Loss of limb or amputation injuries arise when the surgical removal of all or part of a limb is necessary following an accident or, less commonly, the limb is lost in the trauma of the accident. This is usually an extremity such as an arm, leg, foot, hand, toe or finger. Particularly in the situation of losing a limb in the trauma of an accident, a person’s life will be in danger as a consequence of the resultant blood loss.
Road traffic accidents, work place accidents (particularly when using cutting saw-like machines or press machines), agricultural accidents, explosions and animal attacks are some of the many accident types that can lead to loss of limb injuries.
Treatment of Loss of Limb Injuries
The development of the science of microsurgery over the last 40 years has provided several treatment options following a traumatic amputation.
A common treatment is to surgically amputate the damaged limb and then prepare the resulting “stump” to receive a prosthetic limb. This prosthetic limb may have some level of function depending upon the individual’s circumstances.
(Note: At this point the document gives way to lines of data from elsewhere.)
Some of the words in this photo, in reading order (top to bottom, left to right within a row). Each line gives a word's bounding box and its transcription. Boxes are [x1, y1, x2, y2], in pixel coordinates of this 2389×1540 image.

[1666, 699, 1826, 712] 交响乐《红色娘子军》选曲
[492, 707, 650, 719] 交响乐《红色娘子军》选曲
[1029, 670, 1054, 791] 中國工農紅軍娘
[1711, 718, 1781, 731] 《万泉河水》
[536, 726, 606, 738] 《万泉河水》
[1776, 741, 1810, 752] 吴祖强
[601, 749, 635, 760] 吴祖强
An alternative to a prosthetic limb following surgical amputation is the transplantation of other tissue and/or plastic reconstruction. This can be particularly effective with loss of digit injuries such as fingers or toes. Although producing positive cosmetic outcomes, transplantation treatments often do not produce and feeling or sensation in the tissue because of the absence of functioning nerves.
If the amputated limb has been preserved after the accident, another possible treatment is the replantation or reconnection of the re-vascularised limb. This is a microsurgery that will hopefully restore some level of function to the reconnected limb. Whilst more common with the fingers and toes, successful outcomes have been achieved with surgeries to restore hands and arms. This procedure is more likely to be recommended in suitable cases if the replanted limb is expected to function without pain.
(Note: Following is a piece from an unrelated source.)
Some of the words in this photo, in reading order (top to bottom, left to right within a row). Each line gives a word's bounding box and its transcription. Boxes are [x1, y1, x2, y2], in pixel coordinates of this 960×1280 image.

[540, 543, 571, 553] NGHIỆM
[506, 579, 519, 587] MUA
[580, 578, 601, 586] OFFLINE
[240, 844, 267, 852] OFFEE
Finally, surgery can be performed to transplant a donated extremity, the most common being a cadaveric hand. This is an extensive and lengthy surgical procedure and involves connection of bones, tendons, arteries, nerves, veins and skin. The recipient of a transplanted extremity will require immunosuppressive drugs to prevent their nature immune system rejecting the new limb. An extensive period of therapy/rehabilitation will be necessary to ensure maximum function is attained. Many patients achieve a remarkable level of success in regaining function.